Earlier this week, me and the little kids (Seamus, 2 years old, and Madeline, 7 months) picked Rosena up at school and took her to a dentist appointment.

“Okay, mom,” said the dental tech, “take those earrings out and we’ll get her into the X-ray.”

“Oh no,” I wanted to say. “I am not her real mom.”

Confession/self-revelation time: Readers, I do not have pierced ears and have never put in or taken out earrings. I think they are gross. Rosena’s mom took her to get her ears pierced when she was two and Rosena has been sporting stylish hoops ever since.

But, I did not demure. I did not call stepmom exemption. I mom’ed up and took those suckers out without so much as an audible gag from me or a scream of pain from the 7-year-old in question. Rosena rocked out her dentist appointment — no cavities, flying colors, keep doing good on the brushing — and I put the earrings back in at the end of the appointment. It wasn’t a question of being stepmom or real mom; I was the mom there.

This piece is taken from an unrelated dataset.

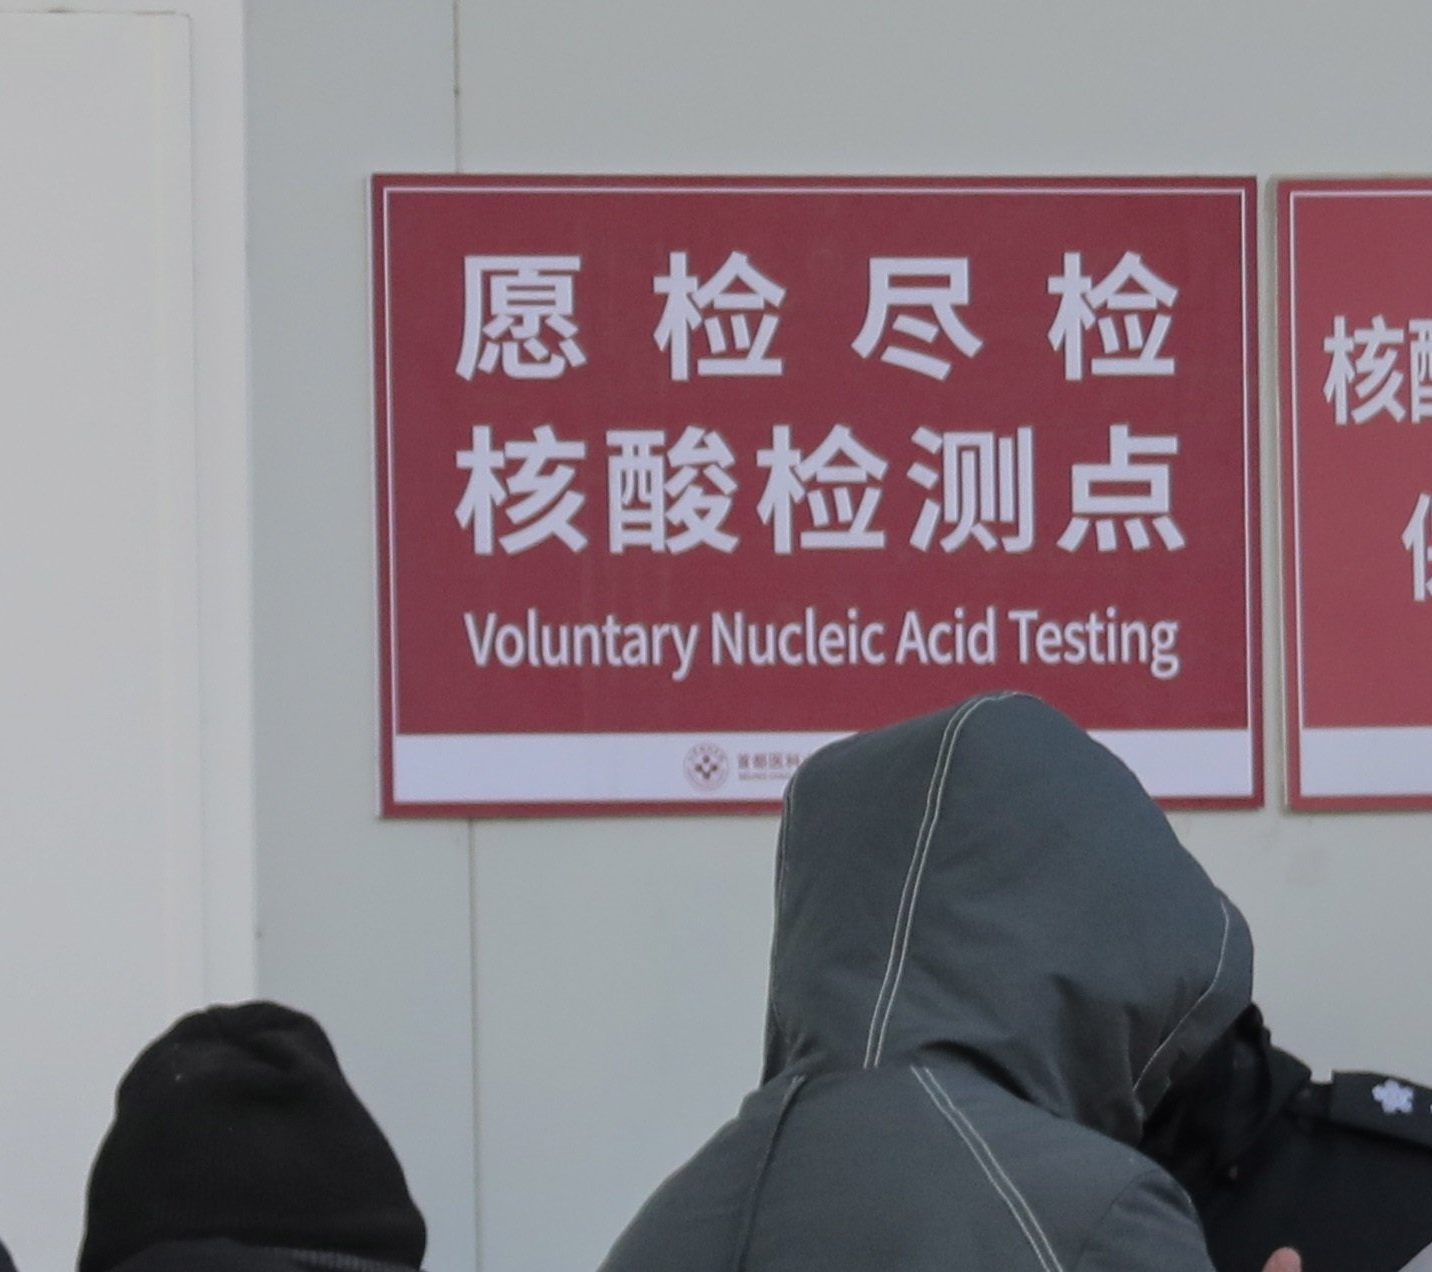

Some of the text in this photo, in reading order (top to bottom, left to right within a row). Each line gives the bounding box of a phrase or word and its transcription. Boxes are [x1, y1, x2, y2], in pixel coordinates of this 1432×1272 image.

Comfort, reassurance, home-base, elicitor of tension releasing giggle — I was the mom of the dentist waiting room and my momness didn’t take anything away from anyone else’s.

Co-parenting can be complicated and there are tons of resources and guides out there aimed at making it work, but it can also be as simple as being friendly, inclusive and open — and not spending time trying to define who is the realer mom.